Genta Miura 三浦 弦太

Personal information
- Full name: Genta Miura
- Date of birth: 1 March 1995 (age 31)
- Place of birth: Toyohashi, Aichi, Japan
- Height: 1.83 m (6 ft 0 in)
- Position: Centre back

Team information
- Current team: Gamba Osaka
- Number: 5

Youth career
- 2010–2012: Osaka Toin High School

Senior career*
- Years: Team / Apps / (Gls)
- 2013–2016: Shimizu S-Pulse / 45 / (0)
- 2017–: Gamba Osaka / 236 / (8)

International career^{‡}
- 2017–: Japan / 10 / (1)

Medal record
Representing Japan
AFC Asian Cup
| Silver medal – second place | 2019 United Arab Emirates |  |

= Genta Miura =

Japanese footballer

Genta Miura (三浦 弦太, Miura Genta) is a Japanese footballer who is the captain of J1 League side Gamba Osaka.
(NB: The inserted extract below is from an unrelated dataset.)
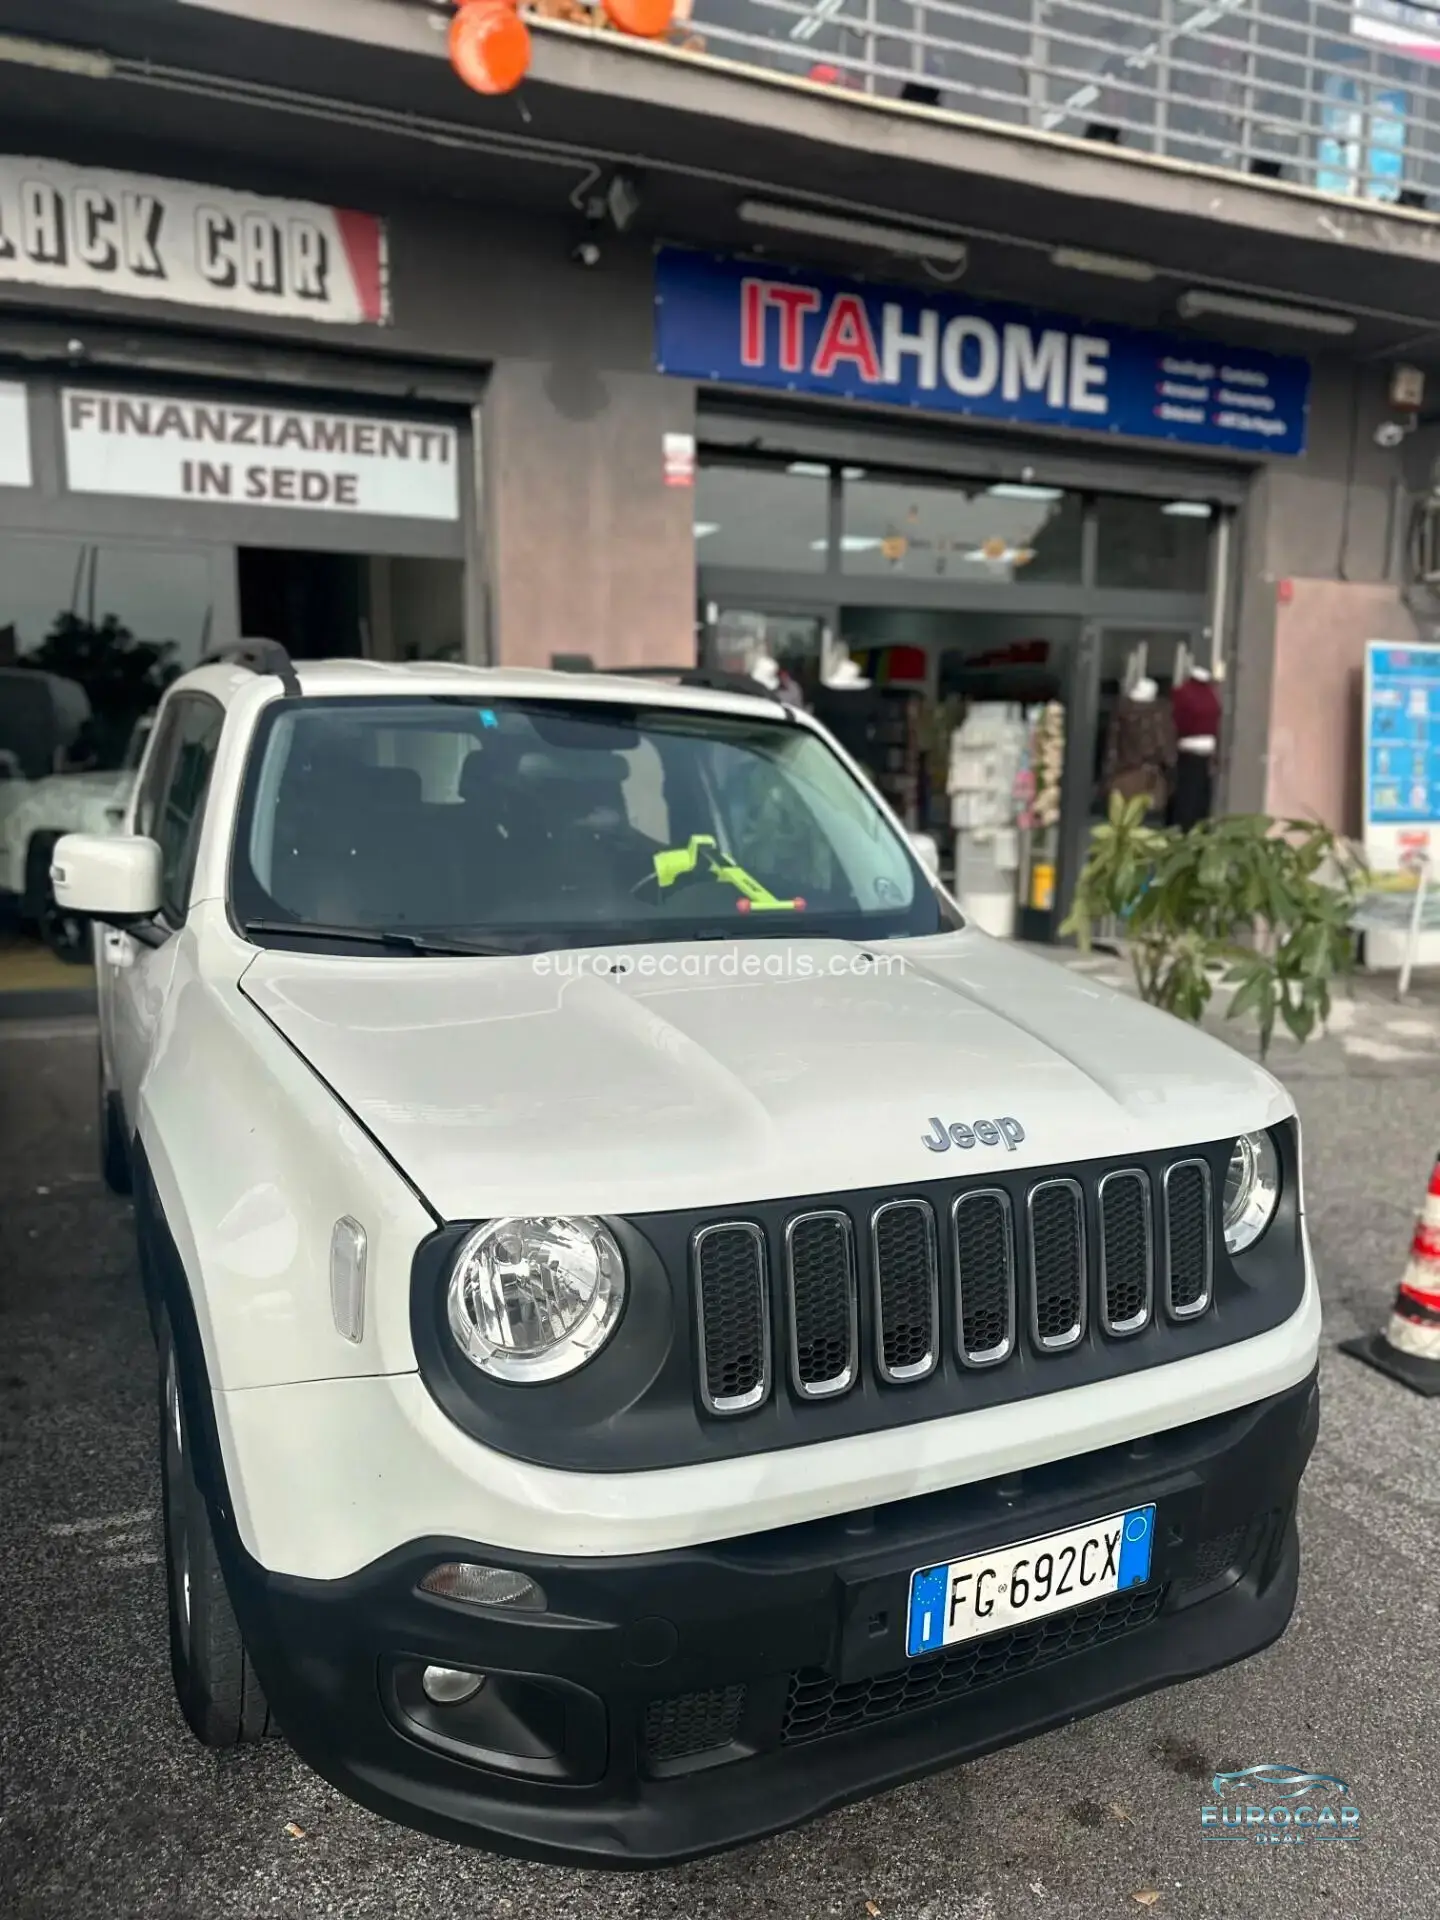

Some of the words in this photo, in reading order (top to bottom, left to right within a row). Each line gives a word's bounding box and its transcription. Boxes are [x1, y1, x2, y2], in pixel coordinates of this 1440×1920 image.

He is also a Japanese international and his regular playing position is centre back.

==Club career==

Born in Toyohashi in Aichi, central Japan, Miura moved to Osaka during his high school years. After graduating from Osaka Toin High School, he was signed by J1 side Shimizu S-Pulse on 2013.

Miura played in 16 league matches across his first 3 seasons in Shizuoka before establishing himself as a regular in 2016 following the club's relegation to Japan's second tier. He played 29 J2 matches to help S-Pulse to 2nd place in the final standings and promotion back to Japan's top flight.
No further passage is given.